▸ Your instructions: The reply is to be an exact repetition of the entries that follow, with each picture left out.

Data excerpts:
==*==
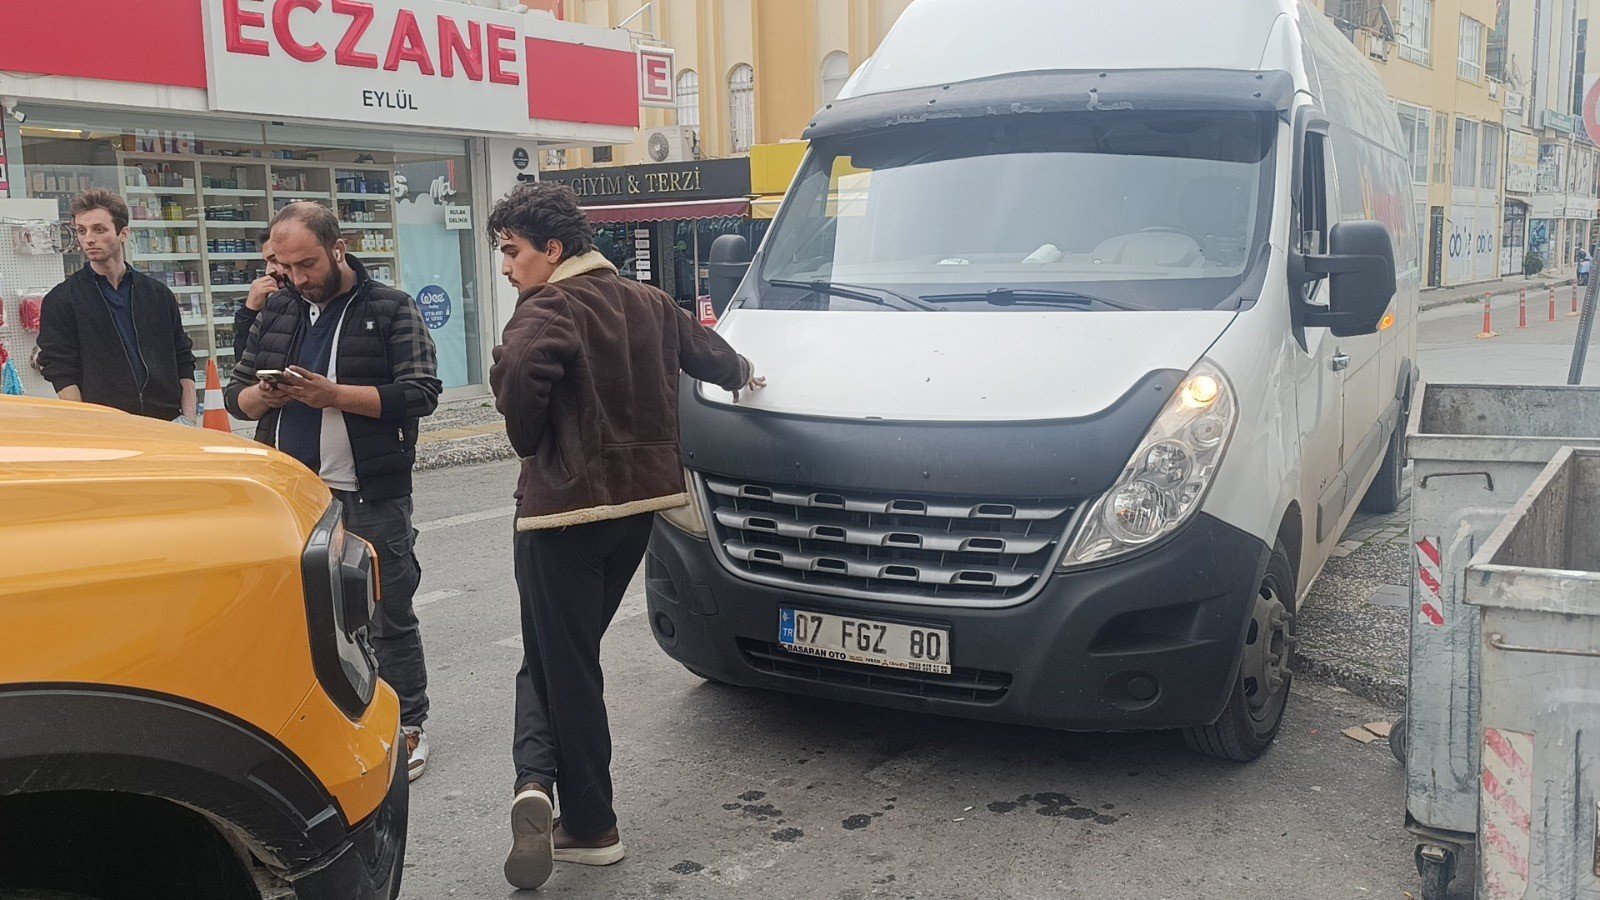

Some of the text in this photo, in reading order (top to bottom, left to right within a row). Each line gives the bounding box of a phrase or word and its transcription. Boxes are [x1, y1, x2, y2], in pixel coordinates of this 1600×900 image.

[225, 0, 520, 86] ECZANE
[362, 89, 418, 110] EYLÜL
[571, 166, 701, 196] GİYİM & TERZİ
[783, 627, 794, 637] TR
[796, 613, 941, 661] 07 FGZ 80
[828, 650, 847, 660] OTO
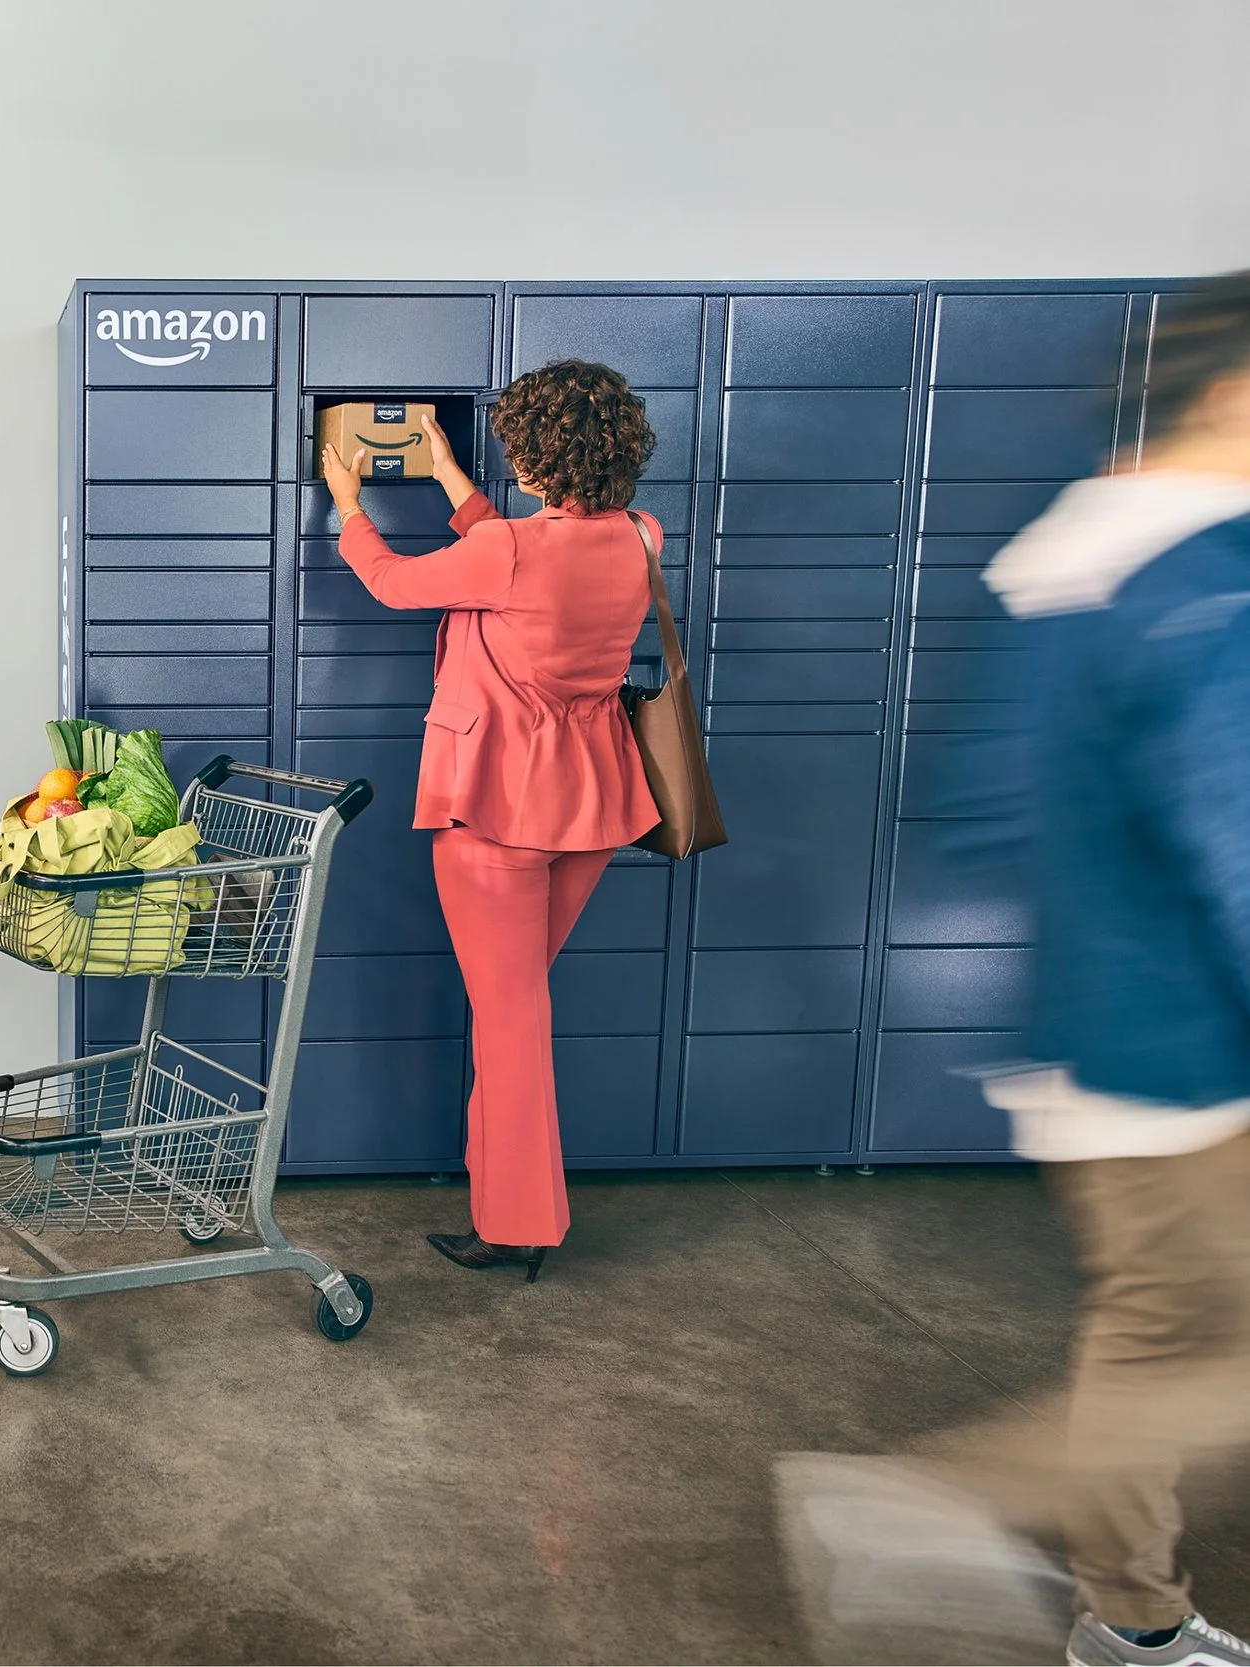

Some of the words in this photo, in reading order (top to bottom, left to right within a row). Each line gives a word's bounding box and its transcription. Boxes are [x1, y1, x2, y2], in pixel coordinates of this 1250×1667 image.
==*==
▸ Solution below:
Some of the text in this photo, in reading order (top to bottom, left to right within a row). Each line gives the bounding box of a phrase or word and its transcription. Boxes are [x1, y1, x2, y2], in pixel coordinates of this 1600×900 image.

[225, 0, 520, 86] ECZANE
[362, 89, 418, 110] EYLÜL
[571, 166, 701, 196] GİYİM & TERZİ
[783, 627, 794, 637] TR
[796, 613, 941, 661] 07 FGZ 80
[828, 650, 847, 660] OTO

Some of the words in this photo, in reading order (top to bottom, left to right within a row). Each line gives a word's bounding box and its transcription. Boxes are [x1, y1, x2, y2], in pixel coordinates of this 1250×1667 image.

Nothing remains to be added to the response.